Talitha Brookman discusses pre and post nuptial agreements and how they apply in English law. Published in Independent Practitioner.
Historically, pre-nuptial agreements in England and Wales have not been given the same weight they are in countries with similar legal systems, such as Australia and the United States.
In England or Wales, even though a couple has a pre-nuptial agreement a judge will still decide to what extent they take the agreement into account. That being said, there are certain factors that might influence a judge considering a pre-nup:
– Did both parties seek legal advice prior to the agreements?
– Was there full disclosure of each party’s assets?
– Did pre-nup negotiations take place well in advance of the marriage (so neither party would have felt under duress or hurried to make a decision)?
However, even with these factors considered, a judge may still choose to ignore the contents of the pre-nup and take their own view on any financial award.
Possible changes to pre-nups caused by the Radmacher -v- Granatino case
In the case of Radmacher -v- Granatino (discussed here in more detail) the High Court granted husband (Granatino) a settlement of £5.6m from his multi-millionaire wife, Katrin Radmacher. True to form for English law, this decision did not reflect the pre-nup that stated neither party would seek maintenance.
However, Radmacher successfully appealed.
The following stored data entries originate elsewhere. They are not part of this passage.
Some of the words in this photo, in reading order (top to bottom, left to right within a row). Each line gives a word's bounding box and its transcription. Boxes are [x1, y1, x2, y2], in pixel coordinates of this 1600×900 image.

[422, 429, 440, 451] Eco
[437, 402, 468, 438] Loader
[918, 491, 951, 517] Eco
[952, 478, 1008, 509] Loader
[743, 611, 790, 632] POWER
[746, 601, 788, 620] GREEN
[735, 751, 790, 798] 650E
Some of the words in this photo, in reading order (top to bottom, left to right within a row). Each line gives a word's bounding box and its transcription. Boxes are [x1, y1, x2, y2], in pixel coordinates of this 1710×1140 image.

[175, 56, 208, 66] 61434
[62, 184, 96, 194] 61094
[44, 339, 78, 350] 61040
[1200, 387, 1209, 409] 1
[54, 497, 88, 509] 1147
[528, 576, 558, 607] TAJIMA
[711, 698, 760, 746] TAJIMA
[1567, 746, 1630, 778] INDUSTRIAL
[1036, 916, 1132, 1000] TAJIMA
This decision is especially surprising due to Granatino not receiving legal advice prior to the pre-nup and neither party having fully disclosed their assets. The judges in the court of appeal made it clear that a pre-nuptial agreement entered into freely should be a decisive factor in any settlement. In practice this now suggests pre-nups carry a lot more weight in England and Wales than they ever have. However the case is now awaiting a decision from the Supreme Court.
Pre-nup agreements for second marriages
The court of appeal also discussed pre-nups in the context of second marriages. Their suggestion was that in many instances, more mature couples considering re-marrying would want to protect their current assets, in particular for the benefit of any children from previous marriages. Therefore a carefully drafted agreement should be available as an alternative to the stress caused by going to court.
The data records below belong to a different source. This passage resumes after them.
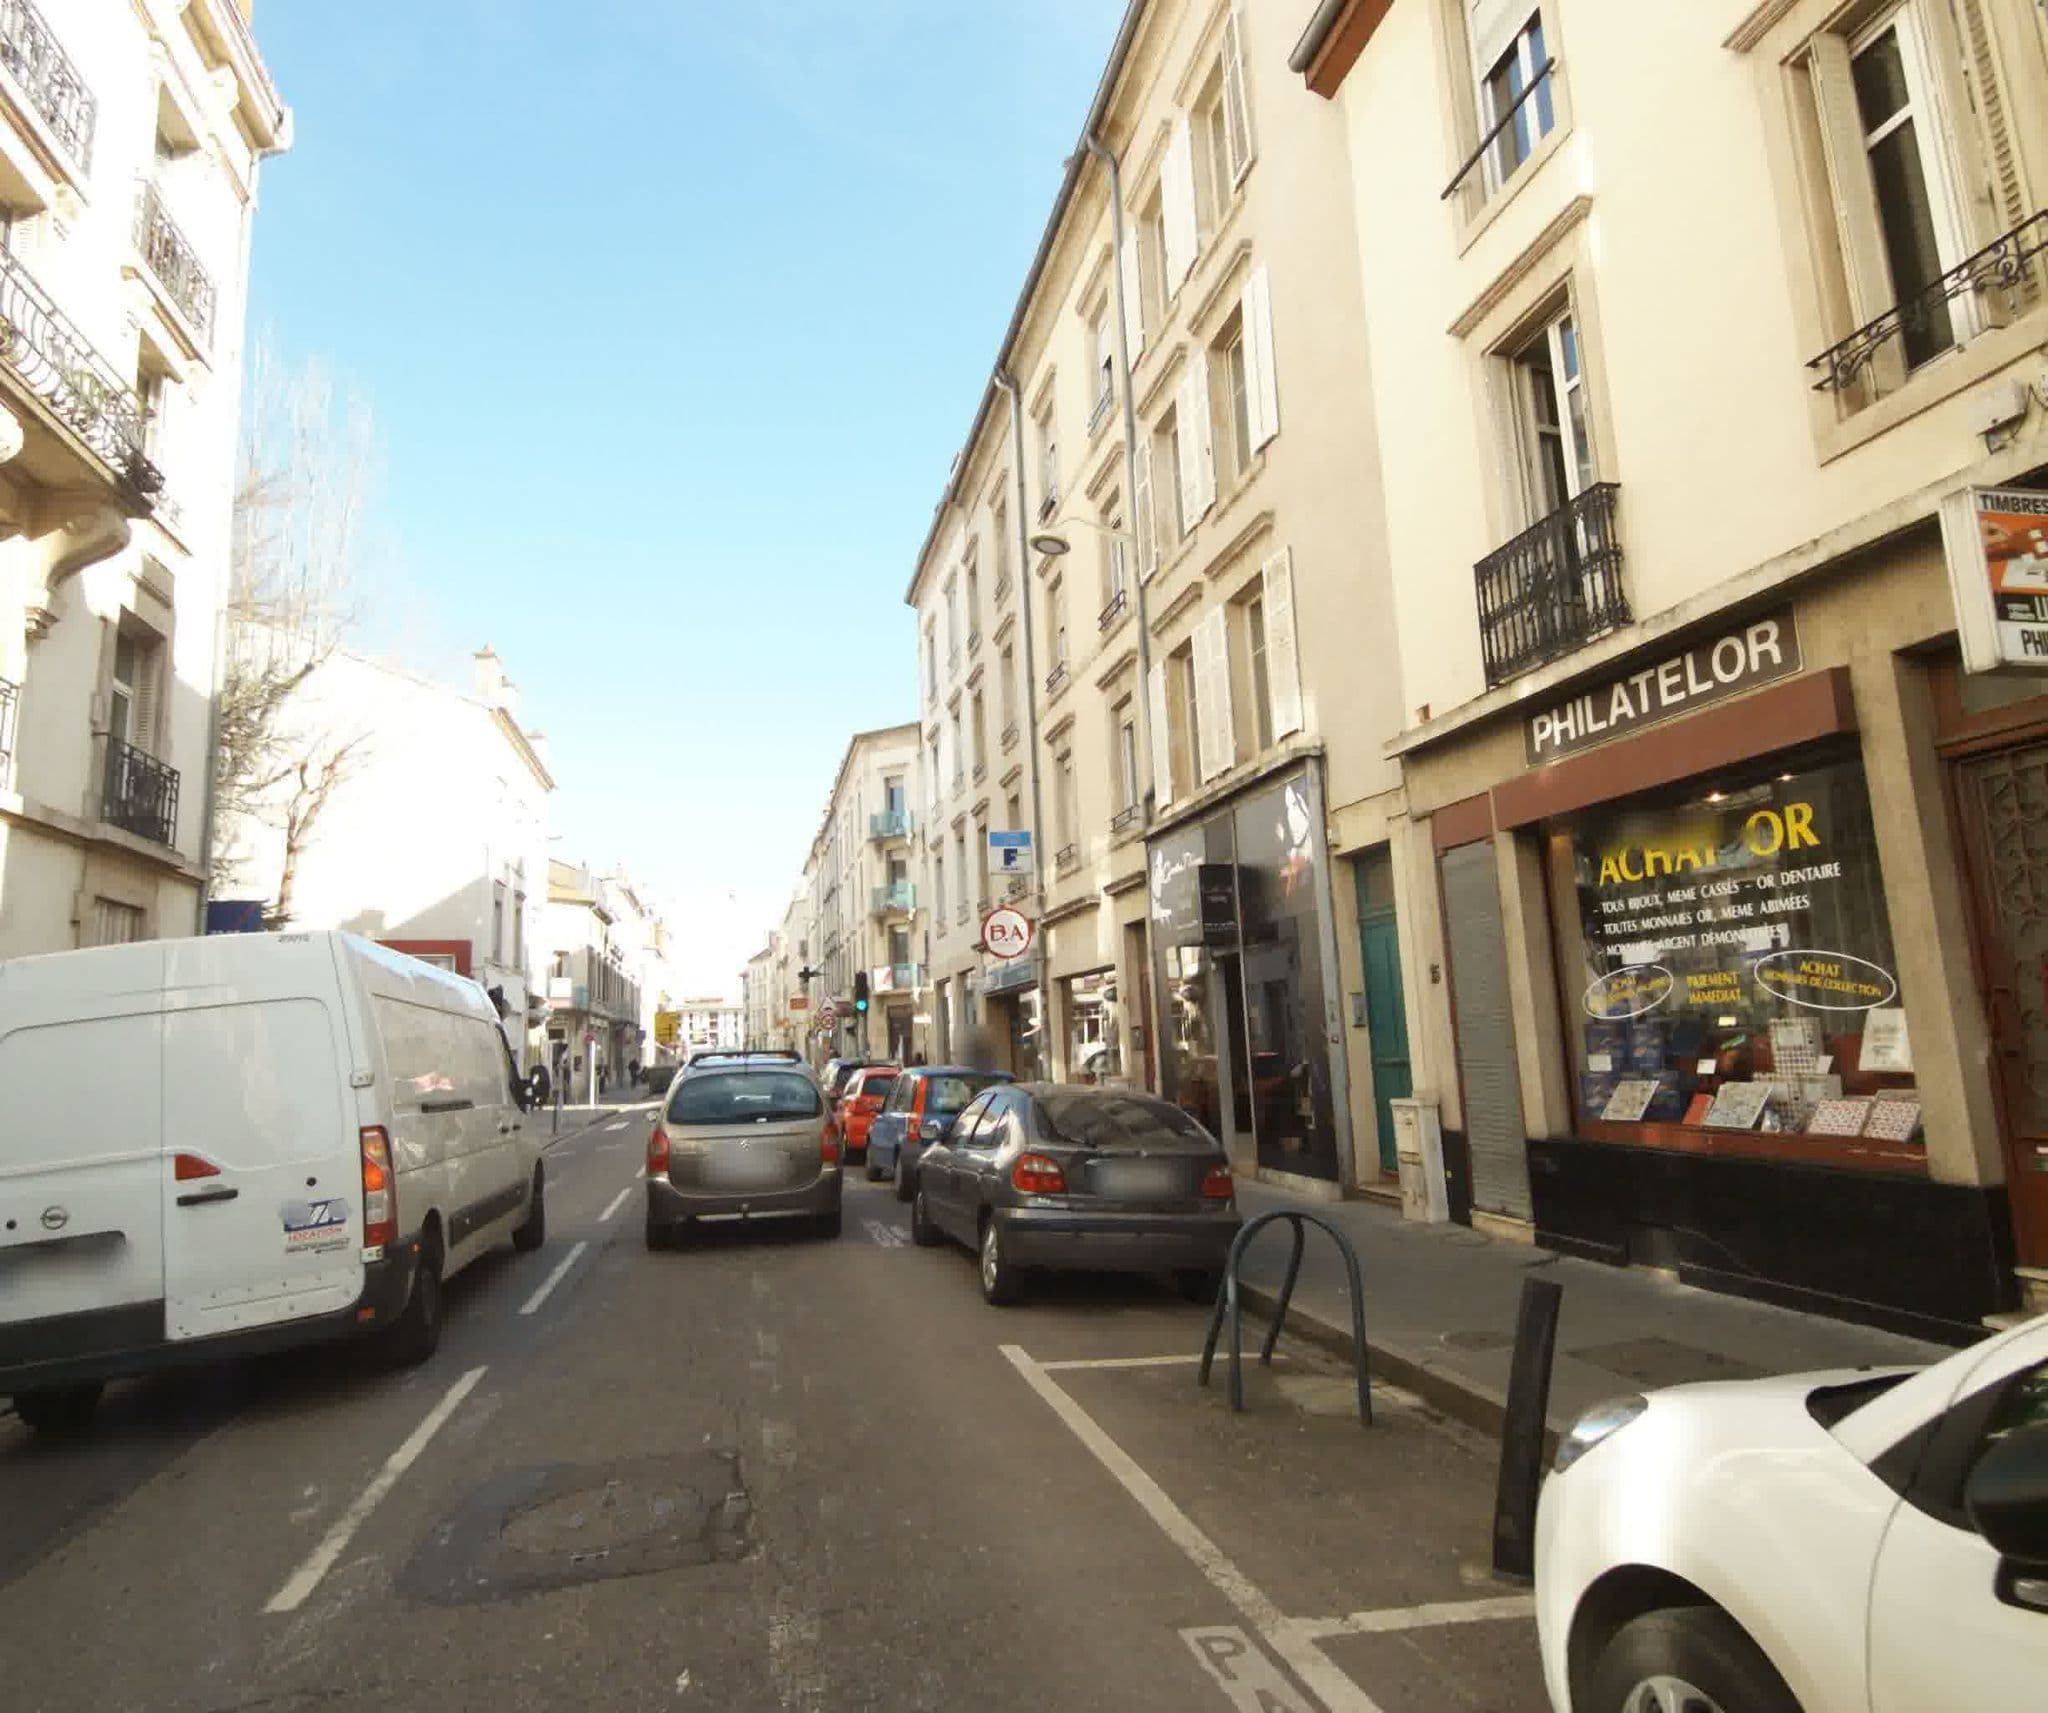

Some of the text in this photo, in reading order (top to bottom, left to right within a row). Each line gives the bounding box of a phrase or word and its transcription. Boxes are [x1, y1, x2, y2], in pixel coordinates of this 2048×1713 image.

[1979, 494, 2048, 514] TIMBRES
[1532, 620, 1782, 752] PHILATELOR
[1744, 802, 1821, 857] OR
[1602, 899, 1625, 914] TOUS
[1700, 878, 1739, 899] CASSÉS
[1757, 874, 1775, 890] OR
[1780, 862, 1841, 886] DENTAIRE
[1604, 921, 1638, 935] TOUTES
[1641, 912, 1693, 930] MONNAIES
[1799, 961, 1841, 978] ACHAT
The exception to the rule: child maintenance
Child maintenance issues remain outside the remit of a prenuptial agreement. A pre-nup should leave the decisions regarding child maintenance and associated housing costs to the courts. If a pre-nup does not reflect this approach, it stands a greater chance of being struck down completely, rather than the agreement being seen primarily as between two adults.
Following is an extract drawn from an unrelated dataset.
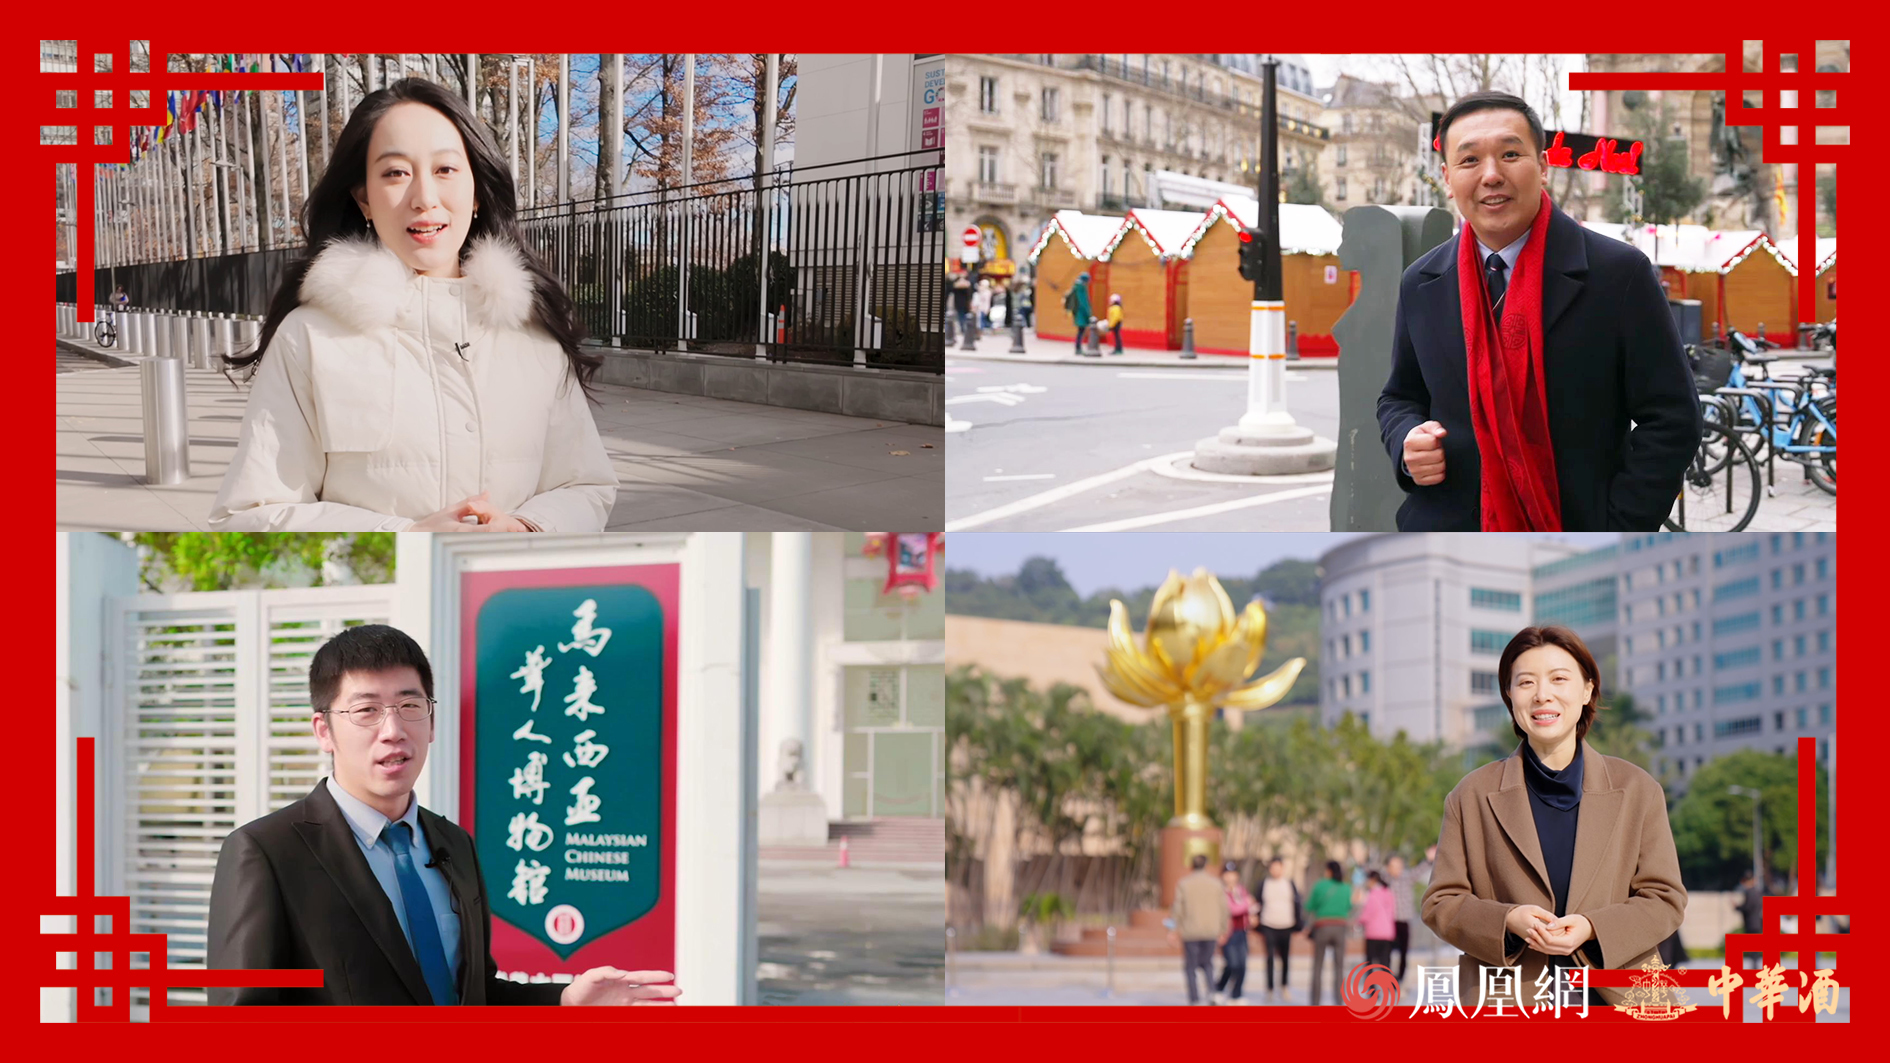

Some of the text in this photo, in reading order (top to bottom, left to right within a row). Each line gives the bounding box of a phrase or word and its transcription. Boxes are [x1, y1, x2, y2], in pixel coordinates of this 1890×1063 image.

[564, 832, 648, 847] MALAYSIAN
[564, 849, 630, 864] CHINESE
[564, 867, 630, 882] MUSEUM
What are post-nuptial agreements?
As the name would suggest, post-nuptial agreements are entered into after the couple is married. This may be to re-affirm a pre-nup or to avoid the uncertainty and expense of matrimonial litigation should the marriage break down. Due to the circumstances in which a post-nup is entered into (i.e. after marriage), it may well be binding even if it does not reflect what a court would have decided.